Yale administrators, ROTC instructors and students interviewed echoed Bravin’s sentiments.
Yale College Dean Mary Miller said the program has “quickly been recognized as a part of the diversity of Yale student life.”
“The people who I know who are in ROTC, I see them walking around during classes,” Alan Zhang ’16 said. “There’s no divide [between ROTC and non-ROTC students] other than that they dress differently on certain days.”
Yale’s stated commitment to leadership and public service was reaffirmed by the addition of ROTC, said Yale College Associate Dean William Whobrey, who coordinates ROTC and Yale and described himself as a “translator” between the University and the military. University President Peter Salovey characterized the program as a good fit for the values of Yale.
Sitting in his office on the fourth floor of 55 Whitney Ave., surrounded by model airplanes, mementos and certificates of recognition for his 27 years in the Air Force, Manning — who is Commanding Officer for Air Force ROTC at Yale — said the University administration has provided key support to growing the program,.
“It’s almost as if [ROTC] had never been gone,” he said.
Although their offices are separated by no more than a kitchenette, the Navy and Air Force programs are technically separate. While the Navy ROTC program based at the University is composed entirely of Yale students, the Air Force contingent has almost four dozen non-Yale students, primarily from the University of New Haven. There is no Army ROTC program at Yale.
Manning said the Yale administration has effectively brought ROTC instructors, who are classified as adjunct professors, and staff into the University community. All have been offered appointments as fellows in various residential colleges.
The presence of ROTC instructors on campus provides members of the Yale community with the ability to “interact with the military and get the Hollywood perceptions of what the military is put aside,” said Commander James Godwin, who leads Naval ROTC at Yale and the College of the Holy Cross.
Additionally, he said, the Yale administration has worked closely with ROTC coordinators to offer a course on military history, taught by history professor Paul Kennedy. The course is required for all Navy and Air Force ROTC members, though it is also open to students with no thoughts of joining the military.
Meanwhile, students are themselves taking leadership roles within the ROTC programs. Josh Clapper ’16 — a midshipman who is also the public affairs officer for Naval ROTC at Yale — said student leadership roles within ROTC involve connecting freshmen to other extracurricular organizations they are interested in joining, as well as providing a good image of the military to a campus often unfamiliar with the armed forces.
Though those involved have broadly positive perceptions of ROTC, Whobrey suggested that the program may still be susceptible to stereotypes.
“I think the stereotypes of Yale, liberal; military, conservative are really not accurate. It’s too simplistic,” said Whobrey, who served in the military for 25 years.
Still, the University and the military do not always see eye to eye, particularly with regards to issues surrounding gender identity. Although gays may now serve openly in the military, gender non-conforming individuals remain prevented from serving.

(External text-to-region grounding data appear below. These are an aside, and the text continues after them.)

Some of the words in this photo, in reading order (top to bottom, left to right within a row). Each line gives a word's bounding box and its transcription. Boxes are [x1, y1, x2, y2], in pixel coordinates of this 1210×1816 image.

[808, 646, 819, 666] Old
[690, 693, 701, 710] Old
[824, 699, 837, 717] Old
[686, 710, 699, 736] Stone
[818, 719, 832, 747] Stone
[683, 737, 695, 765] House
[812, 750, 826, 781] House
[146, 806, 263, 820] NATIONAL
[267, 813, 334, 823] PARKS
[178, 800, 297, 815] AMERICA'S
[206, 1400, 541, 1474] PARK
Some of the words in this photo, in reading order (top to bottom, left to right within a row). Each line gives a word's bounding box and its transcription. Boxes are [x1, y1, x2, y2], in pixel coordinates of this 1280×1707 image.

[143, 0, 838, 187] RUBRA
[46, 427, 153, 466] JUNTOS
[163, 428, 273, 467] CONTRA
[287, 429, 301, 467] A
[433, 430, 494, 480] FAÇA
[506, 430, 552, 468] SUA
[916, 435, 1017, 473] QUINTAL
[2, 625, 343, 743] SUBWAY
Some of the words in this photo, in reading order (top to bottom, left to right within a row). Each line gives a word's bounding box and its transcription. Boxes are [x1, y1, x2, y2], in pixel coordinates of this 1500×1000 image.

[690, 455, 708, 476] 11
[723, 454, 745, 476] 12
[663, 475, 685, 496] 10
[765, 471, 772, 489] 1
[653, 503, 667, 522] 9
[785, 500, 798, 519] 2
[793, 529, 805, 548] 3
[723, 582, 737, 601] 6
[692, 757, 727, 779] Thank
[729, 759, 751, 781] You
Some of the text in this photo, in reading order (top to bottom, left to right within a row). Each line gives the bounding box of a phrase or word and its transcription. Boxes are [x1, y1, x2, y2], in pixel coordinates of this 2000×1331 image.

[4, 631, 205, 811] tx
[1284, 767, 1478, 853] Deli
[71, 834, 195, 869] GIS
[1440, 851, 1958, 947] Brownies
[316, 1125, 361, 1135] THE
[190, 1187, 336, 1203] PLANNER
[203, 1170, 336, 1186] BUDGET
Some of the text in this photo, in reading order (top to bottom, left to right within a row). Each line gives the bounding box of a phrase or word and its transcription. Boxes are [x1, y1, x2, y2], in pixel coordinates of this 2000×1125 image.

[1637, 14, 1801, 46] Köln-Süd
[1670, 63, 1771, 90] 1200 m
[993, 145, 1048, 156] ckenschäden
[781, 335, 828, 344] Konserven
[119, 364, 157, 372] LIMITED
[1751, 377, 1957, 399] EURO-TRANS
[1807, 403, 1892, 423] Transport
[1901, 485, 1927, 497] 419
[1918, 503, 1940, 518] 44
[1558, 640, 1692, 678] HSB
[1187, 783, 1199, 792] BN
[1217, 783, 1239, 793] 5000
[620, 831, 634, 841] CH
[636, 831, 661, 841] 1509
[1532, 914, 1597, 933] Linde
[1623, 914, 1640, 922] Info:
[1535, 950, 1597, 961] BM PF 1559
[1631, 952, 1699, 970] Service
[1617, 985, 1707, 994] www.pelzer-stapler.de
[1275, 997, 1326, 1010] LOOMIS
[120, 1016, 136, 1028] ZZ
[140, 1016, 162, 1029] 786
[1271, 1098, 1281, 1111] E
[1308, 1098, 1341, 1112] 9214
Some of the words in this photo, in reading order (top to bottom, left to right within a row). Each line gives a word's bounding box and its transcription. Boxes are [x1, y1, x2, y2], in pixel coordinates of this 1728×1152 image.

Salovey said that he hopes the military’s new place on Yale’s campus will push it toward more progressive values.
“When places like Yale collaborate with programs like ROTC, we help them evolve policies that are consistent with our own values and goals,” Salovey said. “I would love to see a way in which gender non-conforming students with an interest in leadership positions in the U.S. military could find them.”
Still, any change in the military’s acceptance of gender non-conforming students is not likely to begin at Yale. Policies governing who can and cannot serve are determined at the federal level by the Secretary of Defense and other senior leaders.
For his part, Manning said he has no role in that level of policymaking.
Manning said he gets his orders from the Department of Defense, which reports to civilian government leaders.
“I follow the lead of my civilian leaders,” he said.